2. Use and current best practices from traditional teaching contexts.
3. Be learner centered.
4. Speak less, do more.
5. Solve authentic challenges.
Hacks (for each principle)
1. Prepare learning outcomes for every lesson.
2. Identify solve-a-problem opportunities in advance and be open to ones that emerge organically during the workshop.
3. Use no slide decks. This challenges the instructor to more directly engage with the students and participants in the workshop and leaves space for students to shape content and narrative to some extent. Decks lock all of us in. This is appropriate for some contexts such as conference presentations, but workshops can be more fluid and open.
4. Plan pauses. Prepare your lessons with gaps for contributions. Prepare a list of questions to offer up for every lesson and provide time for discussion of solutions.

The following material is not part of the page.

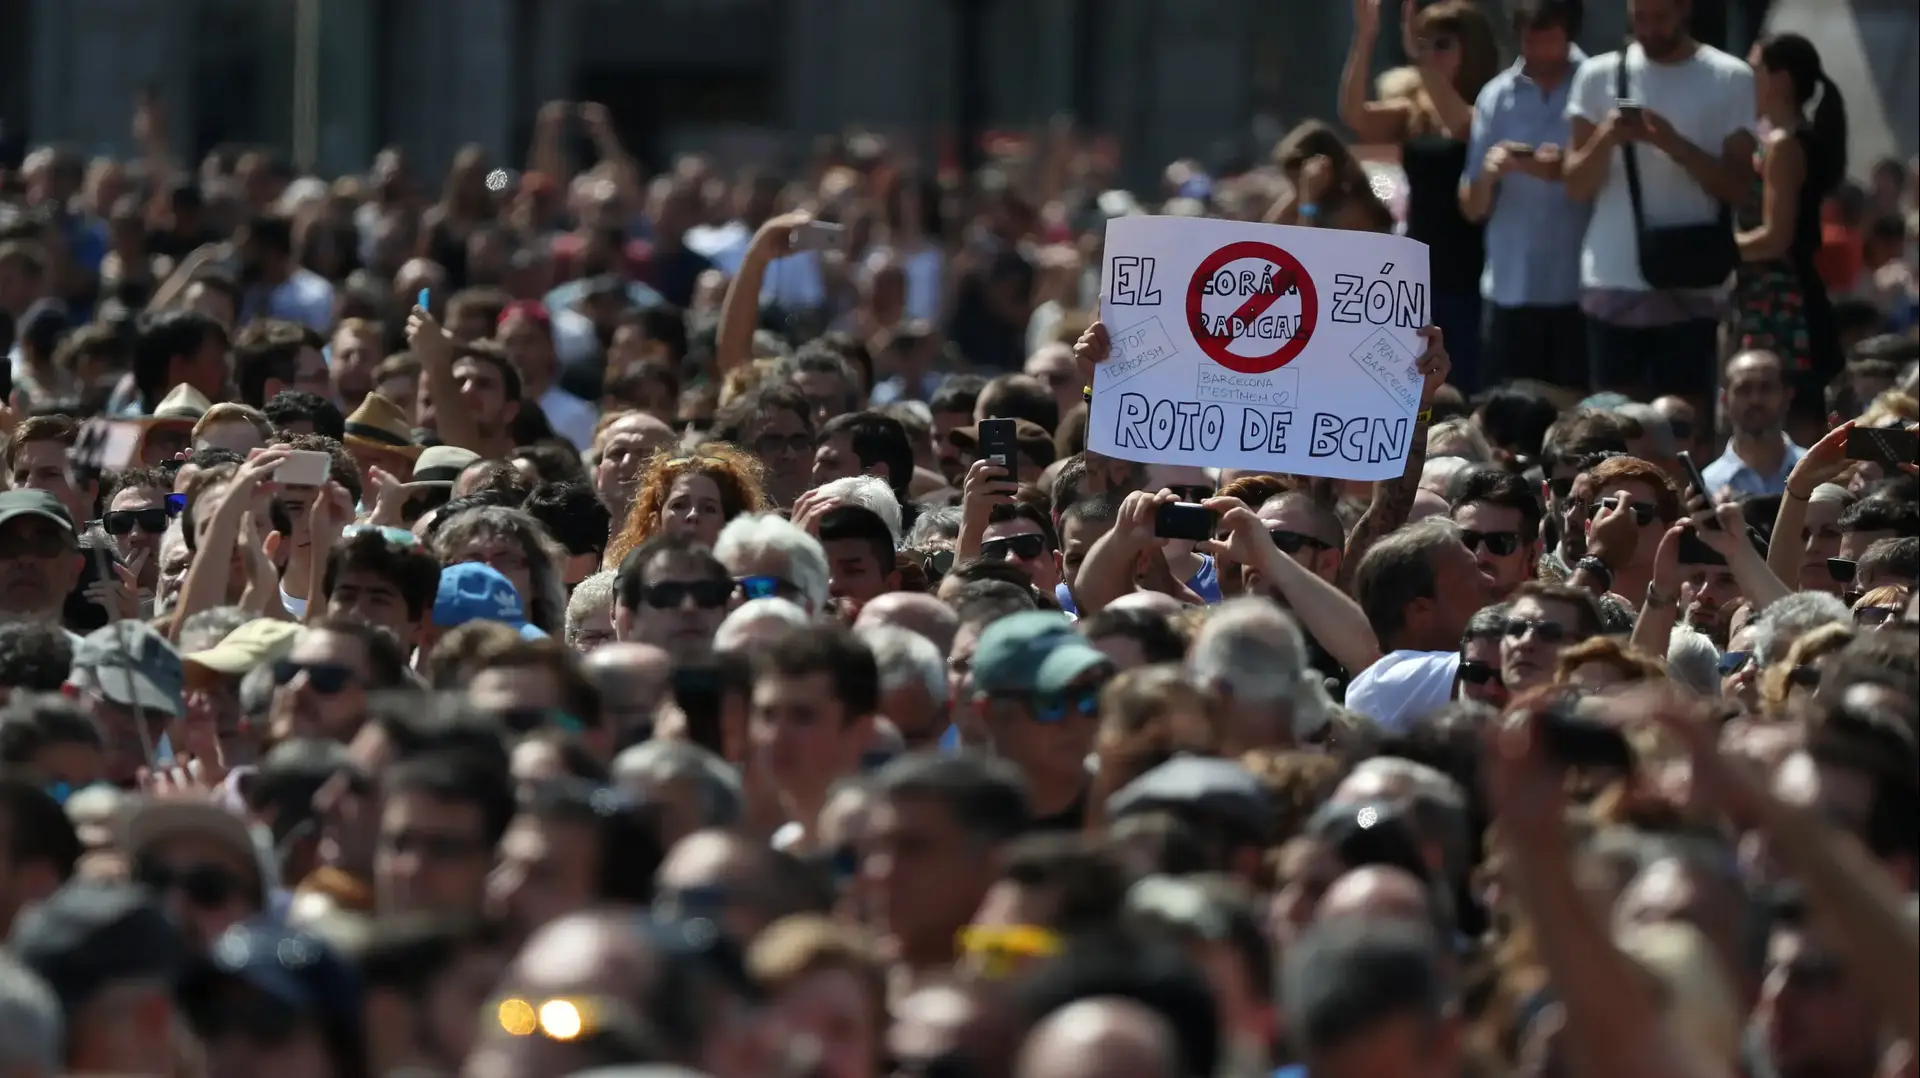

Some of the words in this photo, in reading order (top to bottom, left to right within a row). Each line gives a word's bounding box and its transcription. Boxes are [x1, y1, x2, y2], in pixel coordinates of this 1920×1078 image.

5. Use real evidence/data to answer a compelling question (scale can be limited, approach beta as long as an answer is provided, and the challenge can emerge if teaching is open and space provided for the workshop participants to ideate).
Final hack that is a more general teaching principle, consider keeping all teaching materials within a single ecosystem that then references outwards only as needed. For me, this has become all content prepared in RStudio, knitted to html, then pushed to GitHub gh-pages for sharing as a webpage (or site). Then participants can engage in all ideas and content including code, data, ideas in one place.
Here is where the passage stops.